As I’m sitting here sweating as if I were back in Israel, I am happily reminded of last summer, and the bumper crop for English vineyards. The yield was so high, that - in a recent visit to a winery in Sussex- we were told some wineries had to ‘dump’ perfectly good Pinot Noir grapes, due to lack of capacity and not enough wine presses :scream:

So… has anyone had any particular good examples from 2018 yet? I am hoping to open this little curio in the coming weeks:

https://www.waitrosecellar.com/all-wines/wine-type/white-wine/simpson-estate-on-the-qt-bin-18

And this shall be my first of the vintage. Would love to hear if you have any other recommendations ! :grinning: :clinking_glasses:


#2

This is a lovely inexpensive just off dry white, the lightness comes into its own on a hot day:


#3

I loved the 2017 of this! I wonder if the 2018 is even riper?


#4

I’d second @NickFoster on the 2018 silver jubilee white. Lovely to drink on its own on a hot day.:sunglasses:


#5

I think the only English 2018 I’ve tried so far was at the TWS Summer Press Tasting.

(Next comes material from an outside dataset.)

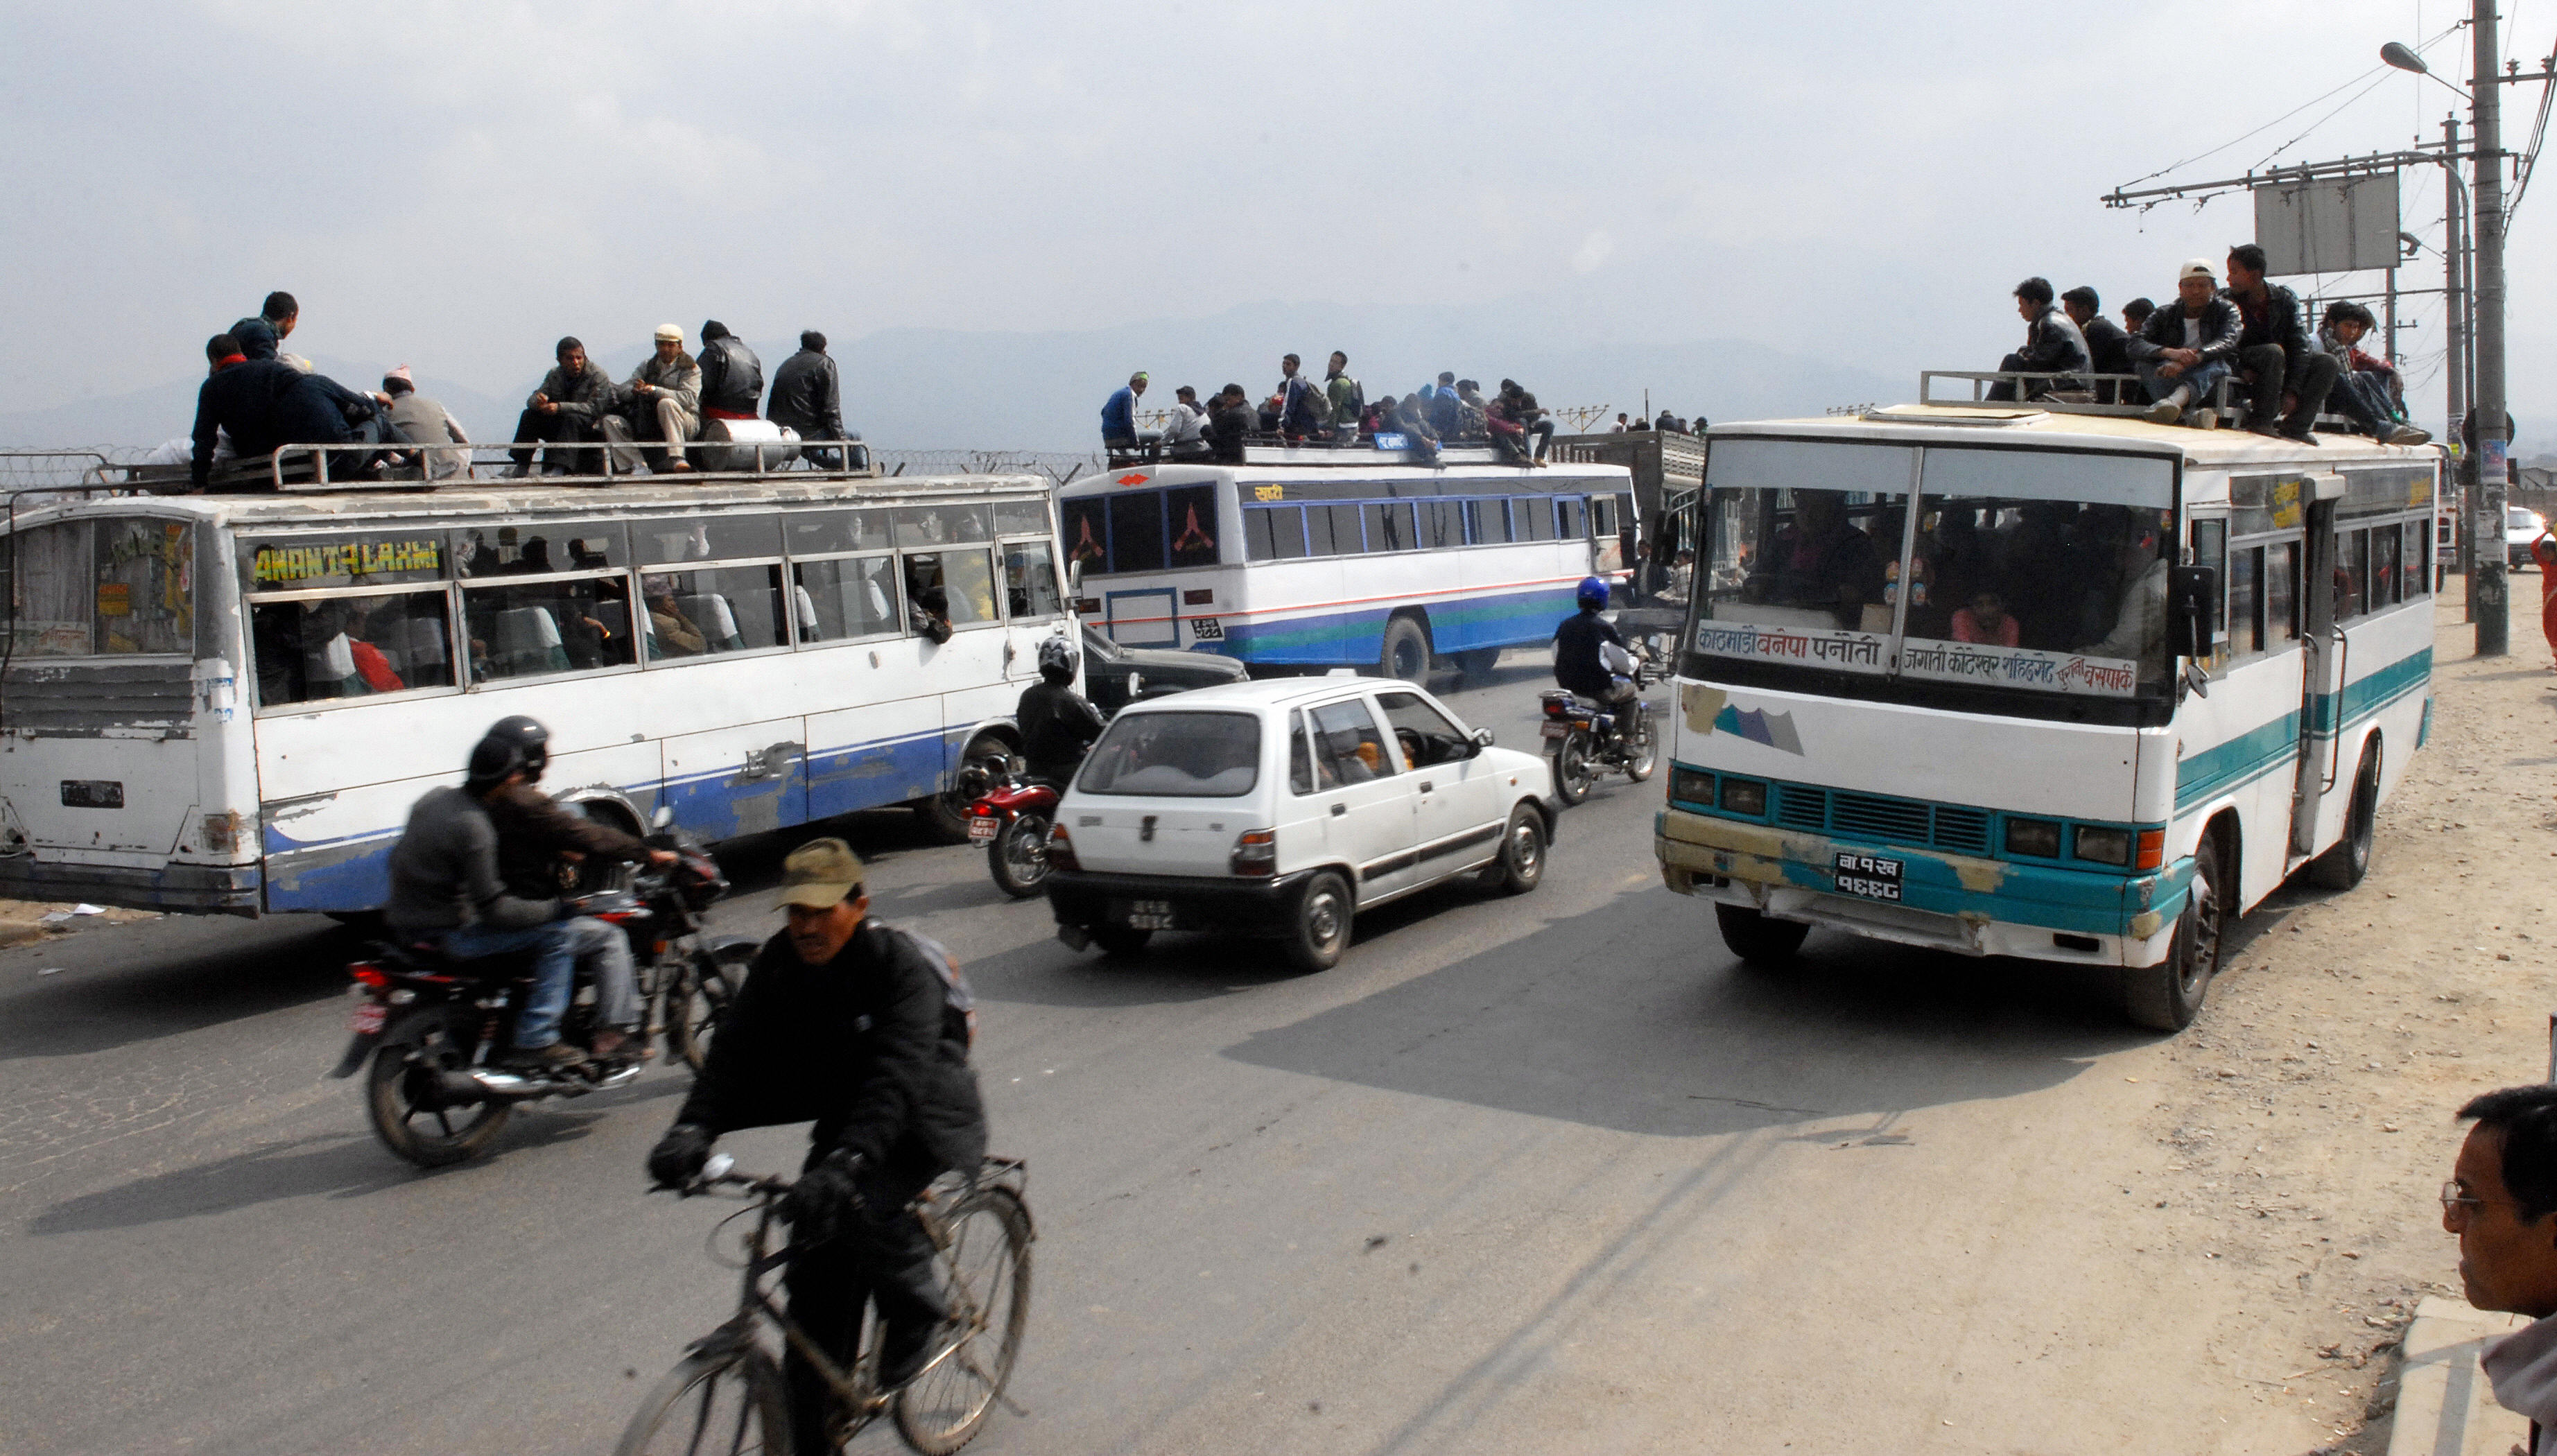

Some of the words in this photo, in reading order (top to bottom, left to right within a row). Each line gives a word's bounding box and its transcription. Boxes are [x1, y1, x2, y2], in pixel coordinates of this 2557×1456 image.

[1812, 632, 1882, 666] पनौती
[1904, 643, 1947, 673] जगाती
[1948, 646, 2000, 680] कोटेश्वर
[1839, 876, 1898, 899] १६६८

Quirky, and quite nice, but don’t recall being convinced it was good value for money, my one disclaimer being that Freddy Bulmer indicated it probably needed more time in bottle…

2019 should be a ripe one too. Perhaps they’ll use the crop to blend “The Boris”, or “The Brexit” or some such. :crazy_face:


#6

This is currently in the fridge, probably for tomorrow:

Not something I’d normally buy to be honest, but it got a good write up at the reduced price in the press (along with a wine from Flint IIRC).


#7

The Chapel Down in a perfect summer quaffer, in my opinion! I had the 2016 a couple times, once as an aperitif, once with oysters, and it was good both times. The 2016 was a blend of 8 varieties (majority Chardonnay, if I remember correctly), but not sure whether they change the blend slightly every year.

Let us know how you got on with it! :+1:


#8

The Chapel Down Flint Dry is the pressings of the standard sparkling along with the other Germanic varieties (not Bacchus tho) so would guess at the 8 varieties to be:
Chard, PN, + Reichensteiner, Ortega, Seyval Blanc, Müller-Thurgau, Madeleine Angevine & Schonburger (maybe Scheurebe instead of Ortega, I can’t quite remember)


#9

this bacchus impressed on a swift visit to their winery shop
bought a couple. their lesser wines were good but this stood out.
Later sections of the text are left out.